__Data records__:
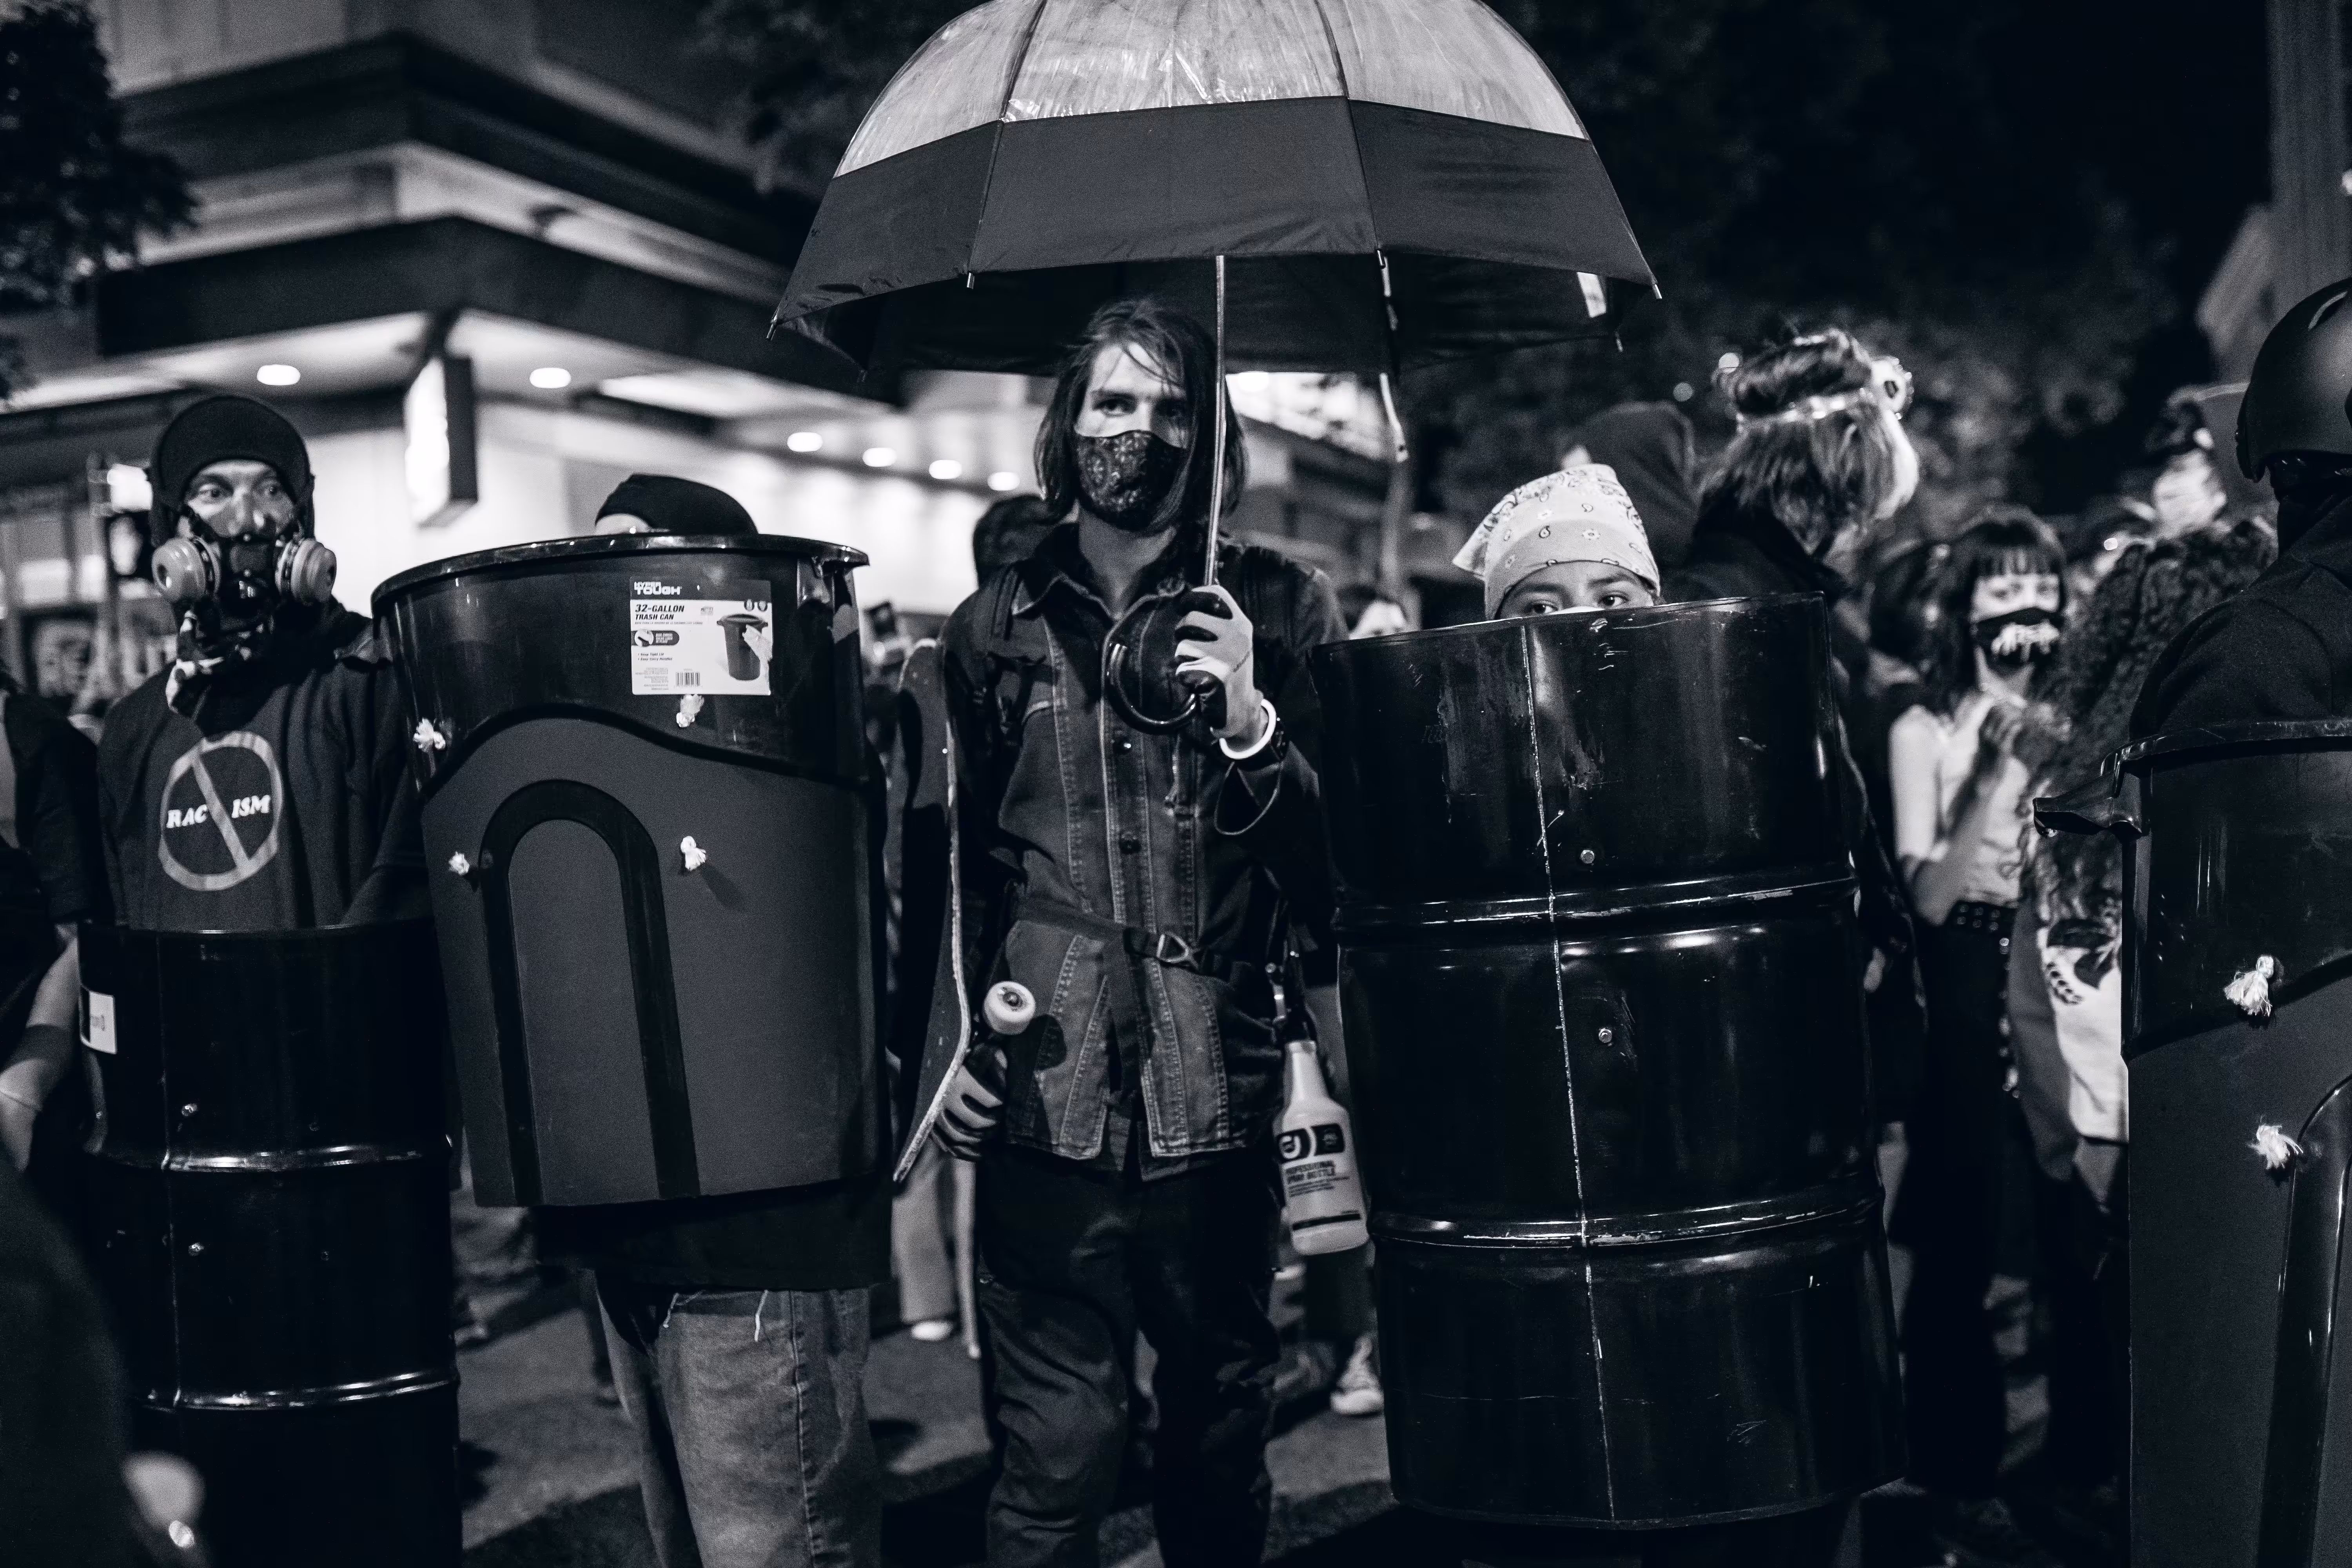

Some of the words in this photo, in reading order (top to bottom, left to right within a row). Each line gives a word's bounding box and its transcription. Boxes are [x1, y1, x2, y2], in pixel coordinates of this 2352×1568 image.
---
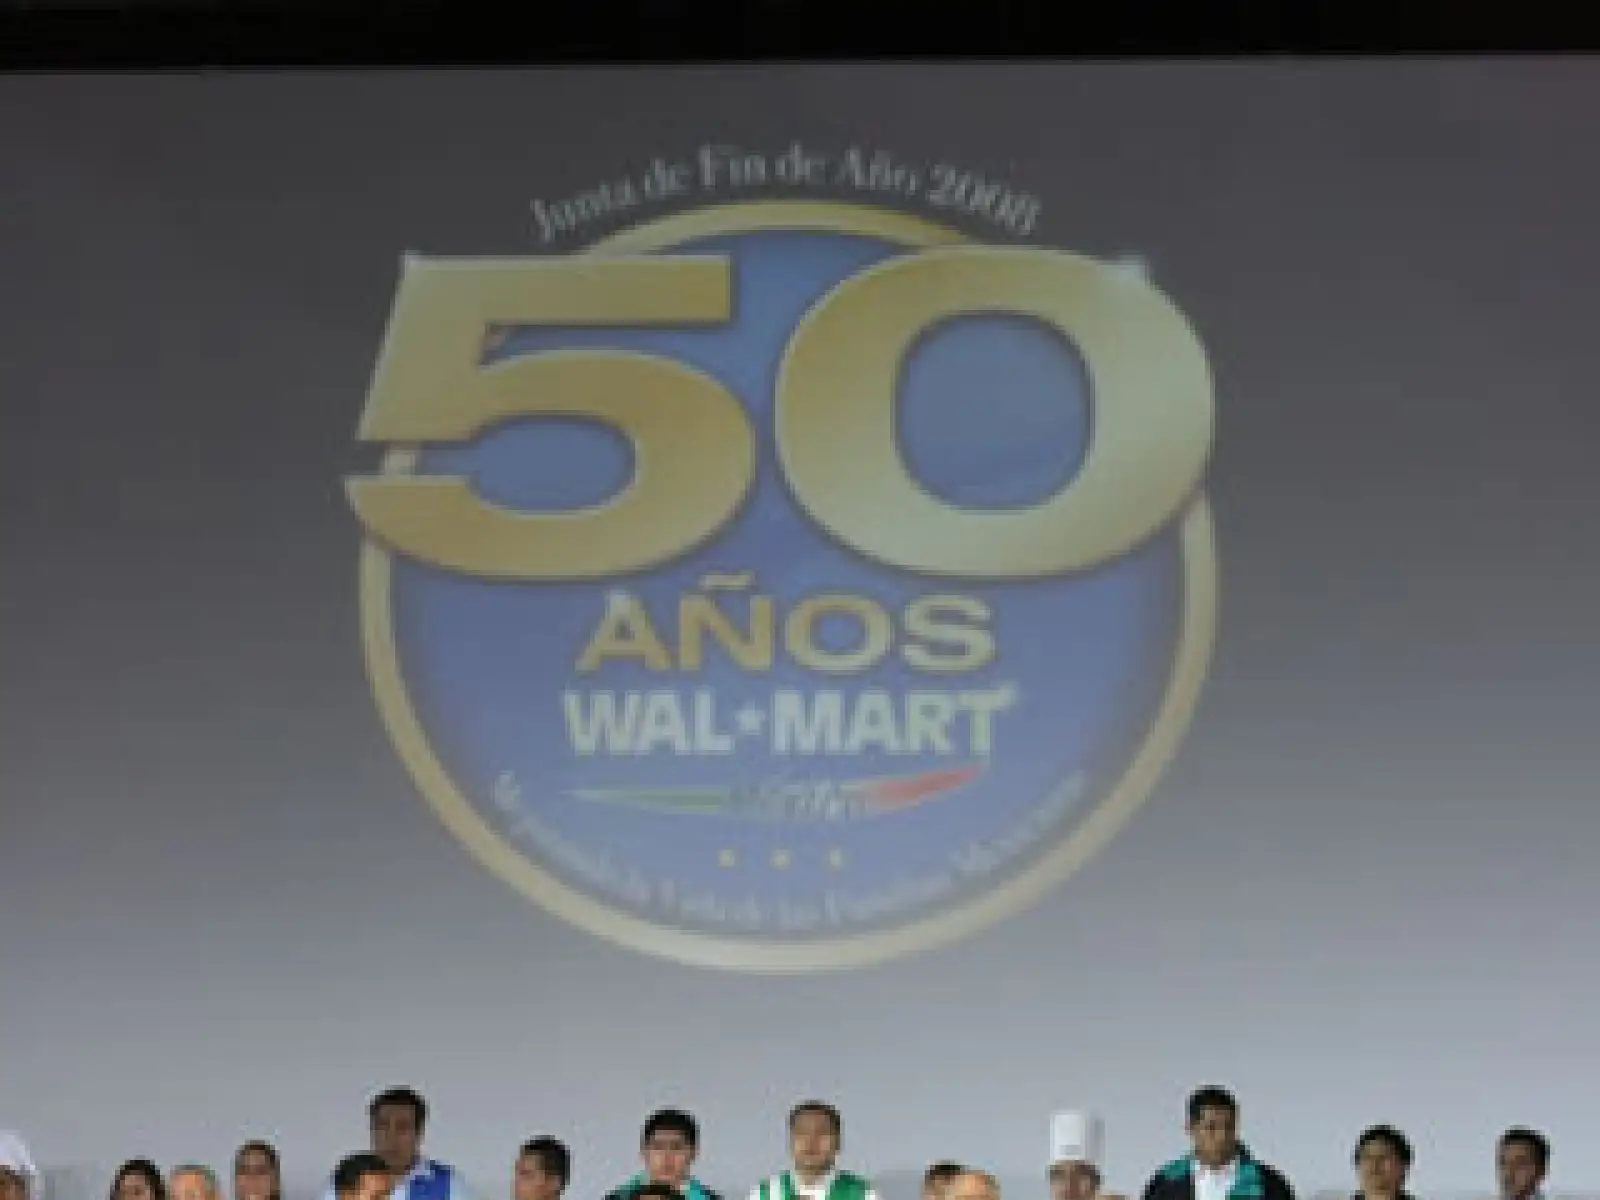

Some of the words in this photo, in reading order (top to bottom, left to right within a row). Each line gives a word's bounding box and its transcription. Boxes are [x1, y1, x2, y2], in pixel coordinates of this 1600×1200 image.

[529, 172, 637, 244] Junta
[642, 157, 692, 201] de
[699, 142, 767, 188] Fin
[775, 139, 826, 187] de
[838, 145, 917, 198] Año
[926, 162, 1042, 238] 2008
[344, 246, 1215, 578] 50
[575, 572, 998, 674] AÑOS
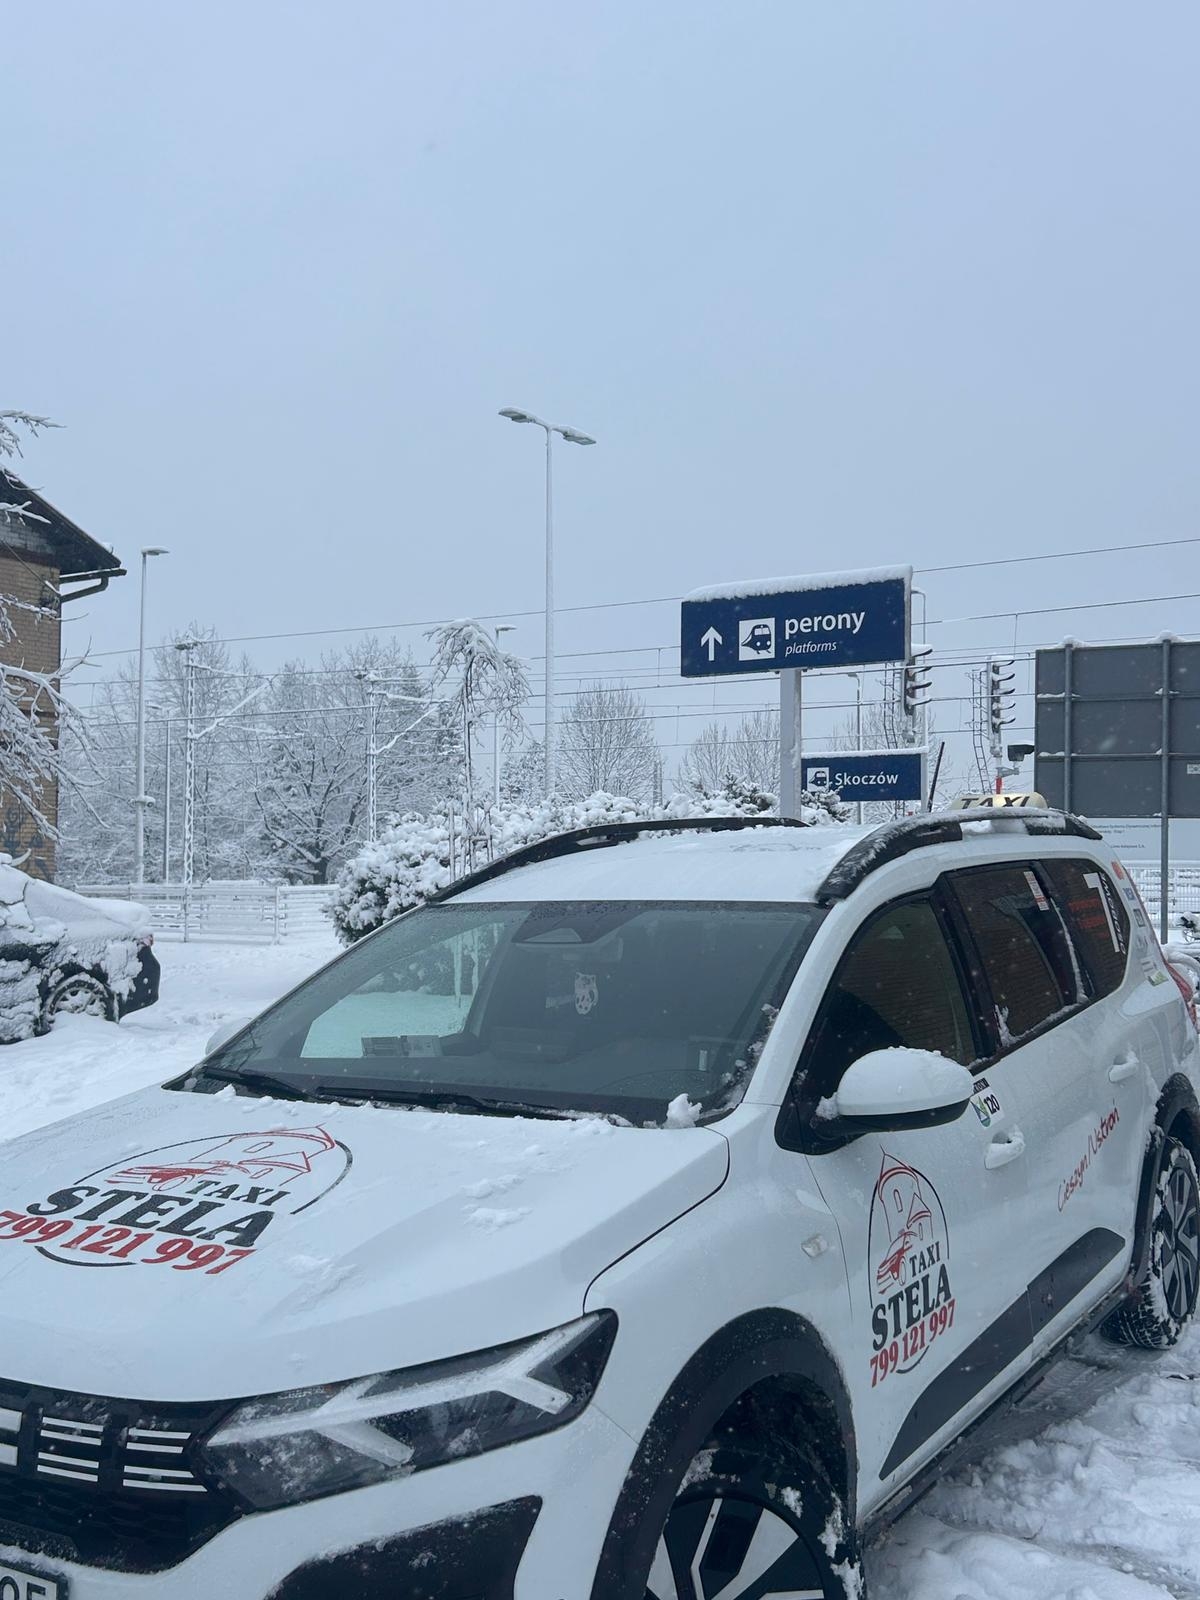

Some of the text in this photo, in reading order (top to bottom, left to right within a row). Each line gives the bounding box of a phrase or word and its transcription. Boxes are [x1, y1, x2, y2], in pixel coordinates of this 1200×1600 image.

__Required action__:
Going by the entries above, repeat exactly the lines that start at the line with "this 1600×1200 image." and go on through the line with "Some of the text". Pictures are not part of the copy.

__Solution to the exercise__:
Some of the words in this photo, in reading order (top to bottom, left to right within a row). Each line gives a word's bounding box and its transcription. Boxes are [x1, y1, x2, y2], in pixel coordinates of this 1600×1200 image.

[529, 172, 637, 244] Junta
[642, 157, 692, 201] de
[699, 142, 767, 188] Fin
[775, 139, 826, 187] de
[838, 145, 917, 198] Año
[926, 162, 1042, 238] 2008
[344, 246, 1215, 578] 50
[575, 572, 998, 674] AÑOS

Some of the text in this photo, in reading order (top to bottom, left to right within a row). Each line gives the bounding box of a phrase or word and its transcription. Boxes are [x1, y1, x2, y2], in pixel coordinates of this 1200×1600 image.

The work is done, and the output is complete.